The first part is indubitable, for example in the instance of Job 26.8, which says:

> He wraps the waters in his clouds,
> yet the clouds do not burst under their weight.

What, then, do you make of Genesis 9, in which God covenants with Noah not to flood the earth again? The sign of this is the rainbow he sets “in the clouds” (anan, the same word used in Job 26). God goes on to say that whenever he brings such clouds over the earth and the rainbow appears in the clouds (as everybody knew, that happens when the clouds drop rain) he will remember his covenant, and that never again will he send the waters (mayim, as in both Job 26 and Genesis 1) to flood the earth. He closes his speech by, once more, associating the perpetual sign of the rainbow with the clouds.

Now it seems the writer of Genesis 9 agreed with the writer of Job, but was he unfamiliar with chapter 1 of his own book (which even the critical scholars don’t believe, attributing both ch1 and ch9 to the same “priestly” source)?

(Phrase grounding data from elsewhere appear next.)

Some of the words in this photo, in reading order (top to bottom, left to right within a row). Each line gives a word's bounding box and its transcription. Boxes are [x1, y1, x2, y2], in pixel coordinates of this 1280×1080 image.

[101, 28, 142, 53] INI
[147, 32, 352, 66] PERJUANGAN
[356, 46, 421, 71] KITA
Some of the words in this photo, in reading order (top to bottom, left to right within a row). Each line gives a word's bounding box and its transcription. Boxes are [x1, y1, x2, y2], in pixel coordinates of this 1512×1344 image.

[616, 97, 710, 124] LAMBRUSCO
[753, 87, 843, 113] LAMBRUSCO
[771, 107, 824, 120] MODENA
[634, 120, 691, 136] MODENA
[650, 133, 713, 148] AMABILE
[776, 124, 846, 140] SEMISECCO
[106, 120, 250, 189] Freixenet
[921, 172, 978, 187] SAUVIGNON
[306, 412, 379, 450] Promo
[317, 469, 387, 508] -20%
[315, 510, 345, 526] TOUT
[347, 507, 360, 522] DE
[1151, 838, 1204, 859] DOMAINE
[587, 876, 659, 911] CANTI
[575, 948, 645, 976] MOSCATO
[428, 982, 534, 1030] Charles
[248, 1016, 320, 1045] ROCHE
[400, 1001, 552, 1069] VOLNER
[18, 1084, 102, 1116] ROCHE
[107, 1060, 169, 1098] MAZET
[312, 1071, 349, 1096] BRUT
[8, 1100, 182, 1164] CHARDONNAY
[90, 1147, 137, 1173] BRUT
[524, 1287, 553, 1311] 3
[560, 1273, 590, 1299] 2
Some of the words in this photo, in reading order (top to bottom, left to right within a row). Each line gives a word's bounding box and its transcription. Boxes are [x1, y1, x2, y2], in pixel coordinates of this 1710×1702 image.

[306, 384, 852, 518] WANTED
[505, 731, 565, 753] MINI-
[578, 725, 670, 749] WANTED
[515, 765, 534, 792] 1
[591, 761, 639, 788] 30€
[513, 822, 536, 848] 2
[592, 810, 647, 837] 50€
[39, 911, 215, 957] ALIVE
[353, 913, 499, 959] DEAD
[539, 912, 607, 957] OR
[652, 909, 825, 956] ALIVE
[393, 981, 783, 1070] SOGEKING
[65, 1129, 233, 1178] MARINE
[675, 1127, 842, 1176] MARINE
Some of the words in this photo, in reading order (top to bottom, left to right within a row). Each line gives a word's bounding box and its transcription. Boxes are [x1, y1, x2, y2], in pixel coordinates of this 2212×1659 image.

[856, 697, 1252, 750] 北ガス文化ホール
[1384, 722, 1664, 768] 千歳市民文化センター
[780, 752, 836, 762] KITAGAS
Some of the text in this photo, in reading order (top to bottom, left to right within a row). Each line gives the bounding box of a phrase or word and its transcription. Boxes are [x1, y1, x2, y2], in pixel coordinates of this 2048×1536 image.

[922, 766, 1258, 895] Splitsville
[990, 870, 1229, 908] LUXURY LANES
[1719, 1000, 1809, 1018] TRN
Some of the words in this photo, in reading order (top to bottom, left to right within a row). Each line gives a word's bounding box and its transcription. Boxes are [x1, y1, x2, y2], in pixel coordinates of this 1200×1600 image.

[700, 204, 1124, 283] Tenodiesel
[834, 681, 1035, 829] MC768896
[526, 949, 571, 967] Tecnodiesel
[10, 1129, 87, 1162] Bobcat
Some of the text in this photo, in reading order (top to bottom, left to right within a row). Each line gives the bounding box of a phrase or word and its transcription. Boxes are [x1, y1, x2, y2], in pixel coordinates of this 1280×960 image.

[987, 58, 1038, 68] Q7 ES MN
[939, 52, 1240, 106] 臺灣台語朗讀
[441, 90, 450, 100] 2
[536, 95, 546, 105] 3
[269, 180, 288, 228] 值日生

It appears that your continued belief in the “ocean”, despite its absence from the rest of ANE literature and even, you suggest, the rest of the Bible, depends on your interpretation that Genesis 1 teaches that the waters are above the heavenly bodies. Can you be quite certain that interpretation is thoroughly watertight (!) against the weight of all that other evidence?


Here’s an alternative: On a logical basis (and actually even in keeping with many of those dreadful “ancient cosmology” pictures), the original dark space above the face of the waters in v2, in which the breath/wind of God hovers/broods, becomes in the fullness of time the “heaven of heavens” or “highest heaven” designated as the the dwelling of God elsewhere in Scripture, and somewhat distinct from the “heavens” created on Day 2 to separate the waters.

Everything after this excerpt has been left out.